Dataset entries
※ ※ ※

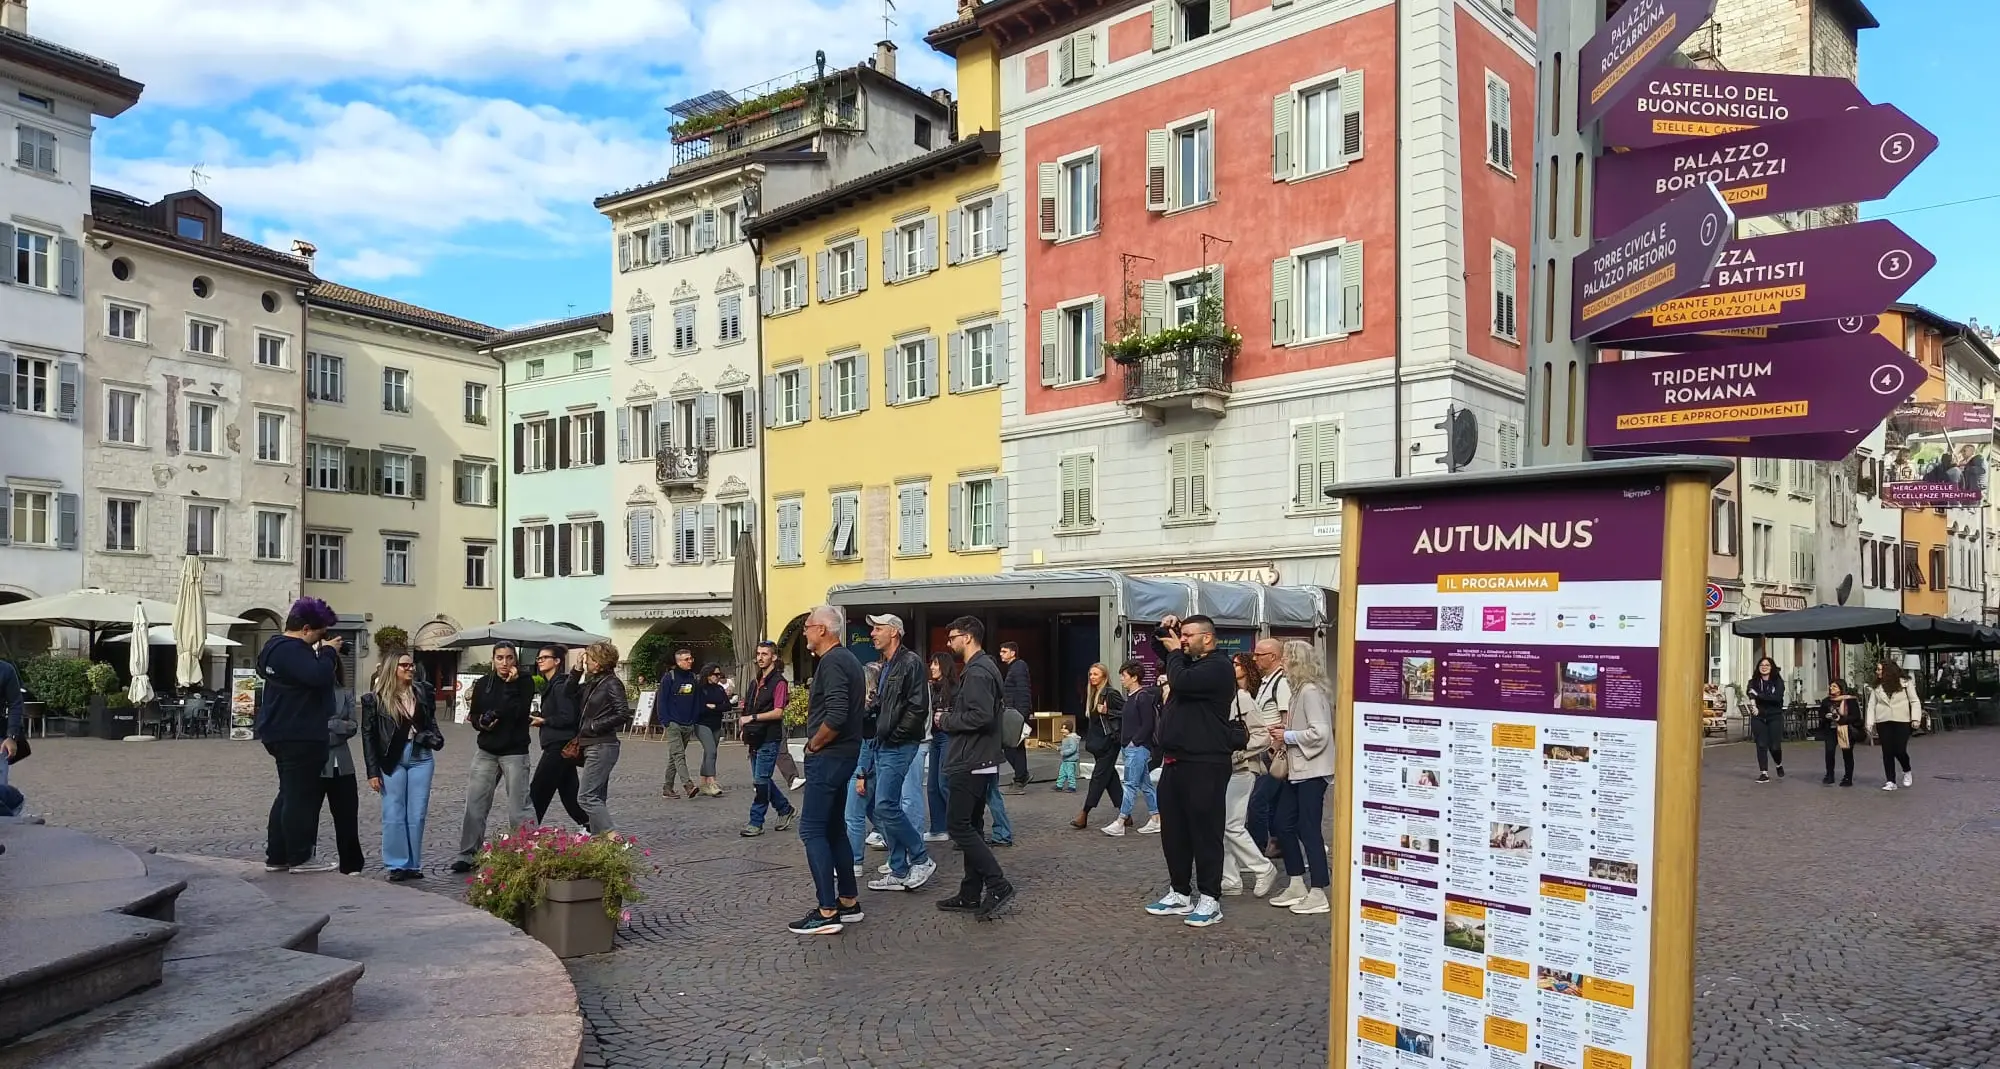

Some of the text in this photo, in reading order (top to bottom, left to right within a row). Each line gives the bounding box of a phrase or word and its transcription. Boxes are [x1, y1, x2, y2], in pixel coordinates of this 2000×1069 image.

[1611, 0, 1653, 44] PALAZZO
[1601, 3, 1664, 73] ROCCABRUNA
[1592, 58, 1632, 100] DEGUSTAZIONI
[1649, 81, 1778, 102] CASTELLO DEL
[1637, 98, 1789, 120] BUONCONSIGLIO
[1656, 122, 1693, 133] STELLE
[1698, 125, 1710, 134] AL
[1674, 141, 1902, 171] PALAZZO 5
[1655, 158, 1786, 193] BORTOLAZZI
[1722, 187, 1765, 201] ZIONI
[1593, 247, 1622, 275] TORRE
[1625, 229, 1657, 258] CIVICA
[1660, 222, 1667, 240] E
[1714, 248, 1900, 271] ZZA 3
[1584, 239, 1677, 299] PALAZZO PRETORIO
[1719, 261, 1804, 286] BATTISTI
[1583, 291, 1622, 317] DEGUSTAZIONI
[1630, 281, 1647, 296] VISITE
[1648, 266, 1674, 287] GUIDATE
[1713, 296, 1725, 306] DI
[1730, 287, 1801, 304] AUTUMNUS
[1656, 303, 1776, 324] CASA CORAZZOLLA
[1652, 359, 1892, 386] TRIDENTUM 4
[1665, 382, 1756, 404] ROMANA
[1620, 404, 1805, 426] MOSTRE E APPROFONDIMENTI
[1446, 577, 1549, 589] IL PROGRAMMA
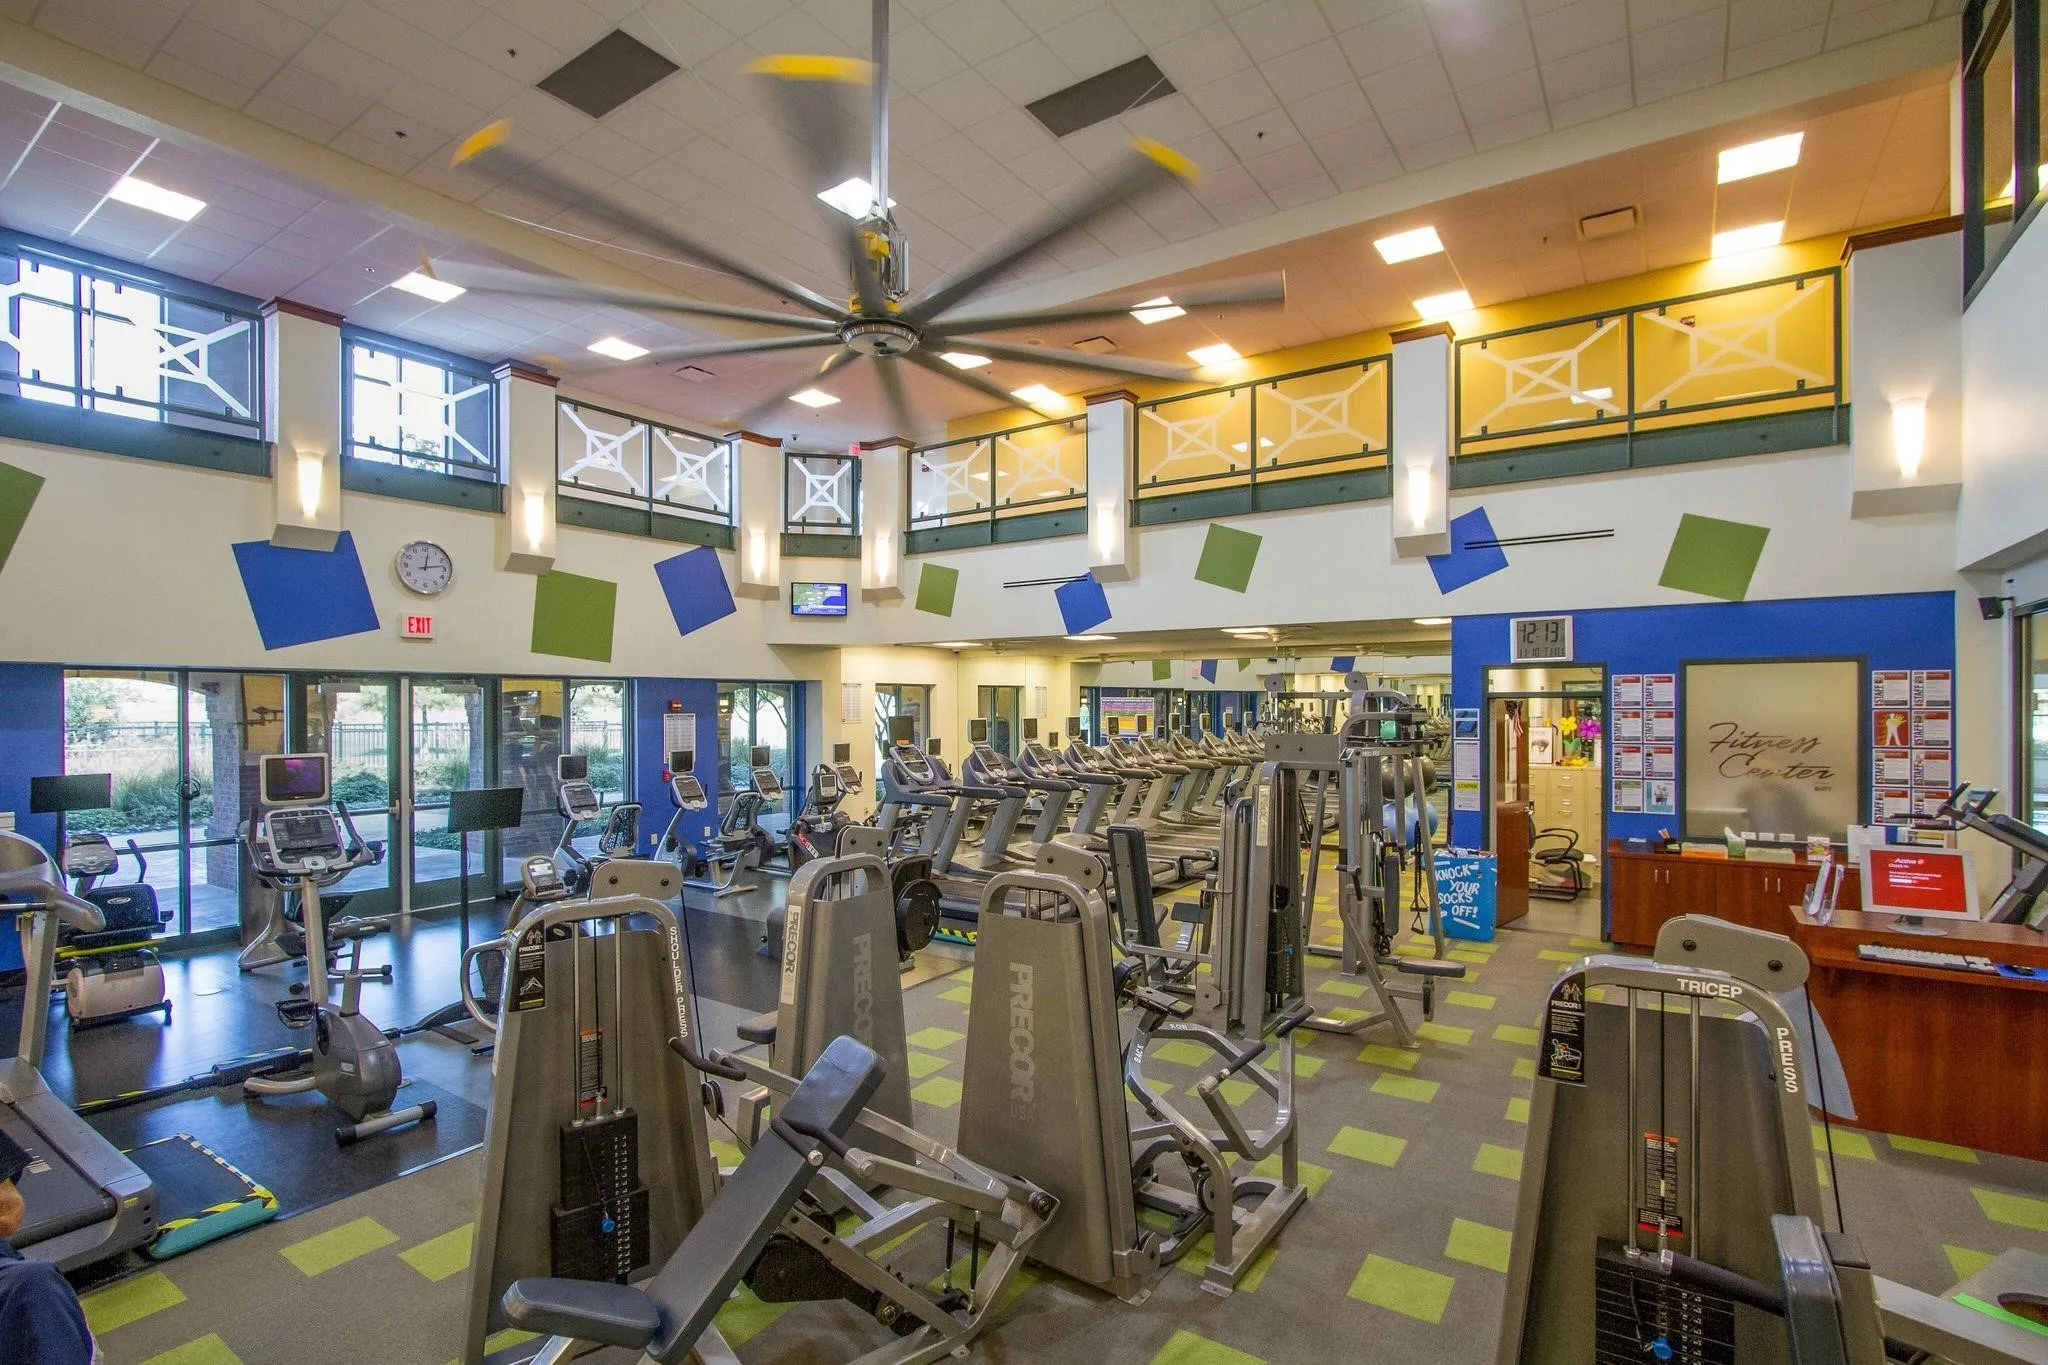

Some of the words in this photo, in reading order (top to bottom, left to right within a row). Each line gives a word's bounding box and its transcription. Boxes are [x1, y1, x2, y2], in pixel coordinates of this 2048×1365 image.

※ ※ ※

* Exercise prompt *
Output the records above in their entirety and exactly, leaving out all images.

* Response for this exercise *
Some of the text in this photo, in reading order (top to bottom, left to right within a row). Each line gives the bounding box of a phrase or word and its transcription. Boxes are [x1, y1, x2, y2], in pixel coordinates of this 2000×1069 image.

[1611, 0, 1653, 44] PALAZZO
[1601, 3, 1664, 73] ROCCABRUNA
[1592, 58, 1632, 100] DEGUSTAZIONI
[1649, 81, 1778, 102] CASTELLO DEL
[1637, 98, 1789, 120] BUONCONSIGLIO
[1656, 122, 1693, 133] STELLE
[1698, 125, 1710, 134] AL
[1674, 141, 1902, 171] PALAZZO 5
[1655, 158, 1786, 193] BORTOLAZZI
[1722, 187, 1765, 201] ZIONI
[1593, 247, 1622, 275] TORRE
[1625, 229, 1657, 258] CIVICA
[1660, 222, 1667, 240] E
[1714, 248, 1900, 271] ZZA 3
[1584, 239, 1677, 299] PALAZZO PRETORIO
[1719, 261, 1804, 286] BATTISTI
[1583, 291, 1622, 317] DEGUSTAZIONI
[1630, 281, 1647, 296] VISITE
[1648, 266, 1674, 287] GUIDATE
[1713, 296, 1725, 306] DI
[1730, 287, 1801, 304] AUTUMNUS
[1656, 303, 1776, 324] CASA CORAZZOLLA
[1652, 359, 1892, 386] TRIDENTUM 4
[1665, 382, 1756, 404] ROMANA
[1620, 404, 1805, 426] MOSTRE E APPROFONDIMENTI
[1446, 577, 1549, 589] IL PROGRAMMA

Some of the words in this photo, in reading order (top to bottom, left to right within a row). Each line gives a word's bounding box and its transcription. Boxes are [x1, y1, x2, y2], in pixel coordinates of this 2048×1365 image.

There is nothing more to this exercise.